Spark can handle big "big data". There are known issues with informing the
user about what went wrong and how to fix it that we're actively working
on, but the first impulse when a job fails should be "what did I do wrong"
rather than "Spark can't handle this workload". Messaging is a huge part in
making this clear -- getting things like a job hanging or an out of memory
error can be very difficult to debug, and improving this is one of our
highest priorties.


On Tue, Jul 8, 2014 at 12:47 PM, Reynold Xin <rxin@databricks.com> wrote:

> Not sure exactly what is happening but perhaps there are ways to
> restructure your program for it to work better. Spark is definitely able to
> handle much, much larger workloads.
>
> I've personally run a workload that shuffled 300 TB of data. I've also ran
> something that shuffled 5TB/node and stuffed my disks fairly full that the
> file system is close to breaking.
>
> We can definitely do a better job in Spark to make it output more
> meaningful diagnosis and more robust with partitions of data that don't fit
> in memory though. A lot of the work in the next few releases will be on
> that.
>
>
>
> On Tue, Jul 8, 2014 at 10:04 AM, Surendranauth Hiraman <
> suren.hiraman@velos.io> wrote:
>
>> I'll respond for Dan.
>>
>> Our test dataset was a total of 10 GB of input data (full production
>> dataset for this particular dataflow would be 60 GB roughly).
>>
>> I'm not sure what the size of the final output data was but I think it
>> was on the order of 20 GBs for the given 10 GB of input data. Also, I can
>> say that when we were experimenting with persist(DISK_ONLY), the size of
>> all RDDs on disk was around 200 GB, which gives a sense of overall
>> transient memory usage with no persistence.
>>
>> In terms of our test cluster, we had 15 nodes. Each node had 24 cores and
>> 2 workers each. Each executor got 14 GB of memory.
>>
>> -Suren
>>
>>
>>
>> On Tue, Jul 8, 2014 at 12:06 PM, Kevin Markey <kevin.markey@oracle.com>
>> wrote:
>>
>>>  When you say "large data sets", how large?
>>> Thanks
>>>
>>>
>>> On 07/07/2014 01:39 PM, Daniel Siegmann wrote:
>>>
>>>  From a development perspective, I vastly prefer Spark to MapReduce.
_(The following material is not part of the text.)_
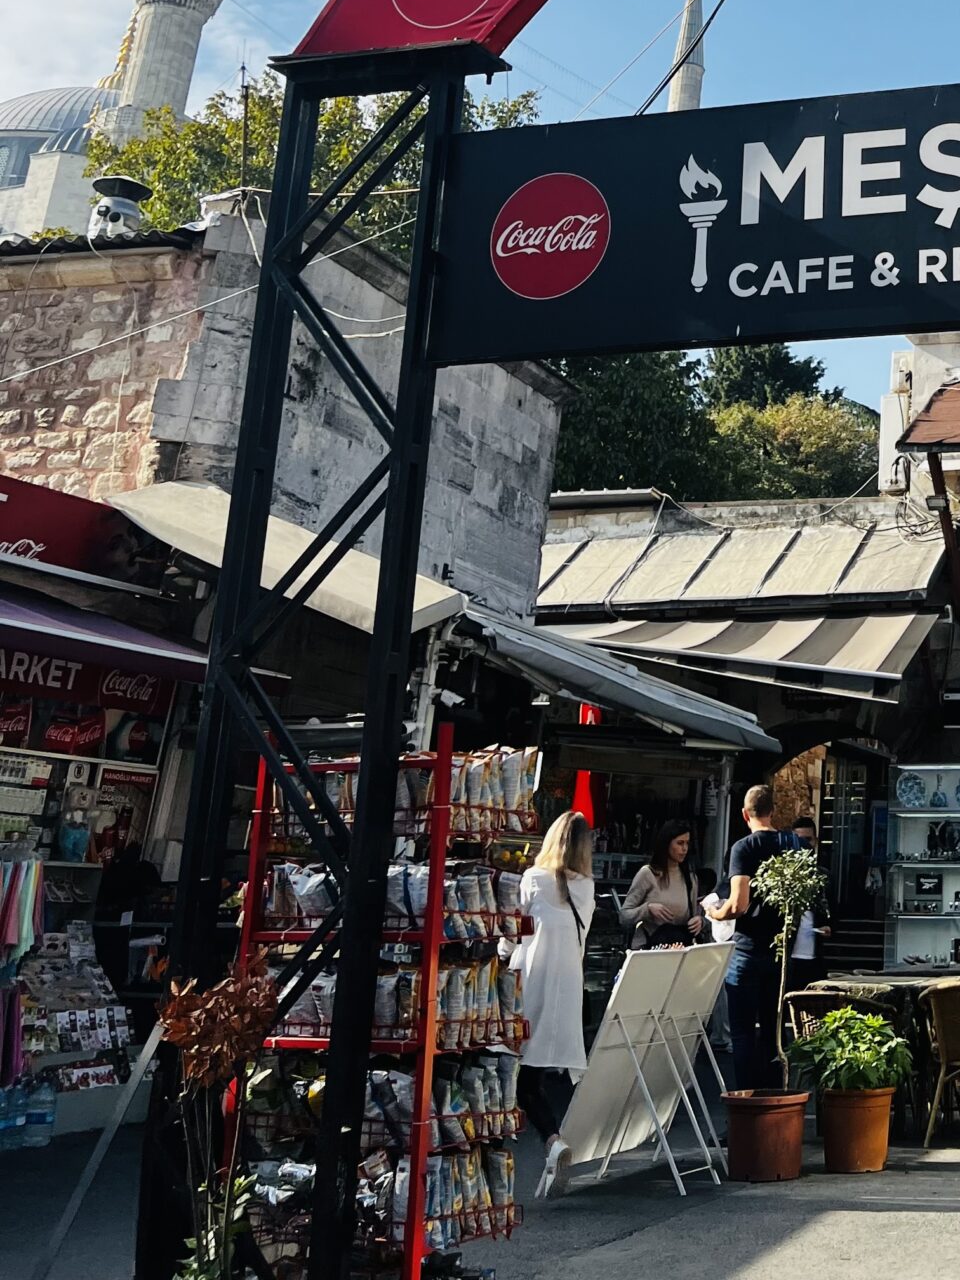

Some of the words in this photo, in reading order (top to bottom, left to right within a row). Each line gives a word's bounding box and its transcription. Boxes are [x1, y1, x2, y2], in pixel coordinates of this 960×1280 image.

>>> The MapReduce API is very constrained; Spark's API feels much more natural
>>> to me. Testing and local development is also very easy - creating a local
>>> Spark context is trivial and it reads local files. For your unit tests you
>>> can just have them create a local context and execute your flow with some
>>> test data. Even better, you can do ad-hoc work in the Spark shell and if
>>> you want that in your production code it will look exactly the same.
>>>
>>>  Unfortunately, the picture isn't so rosy when it gets to production.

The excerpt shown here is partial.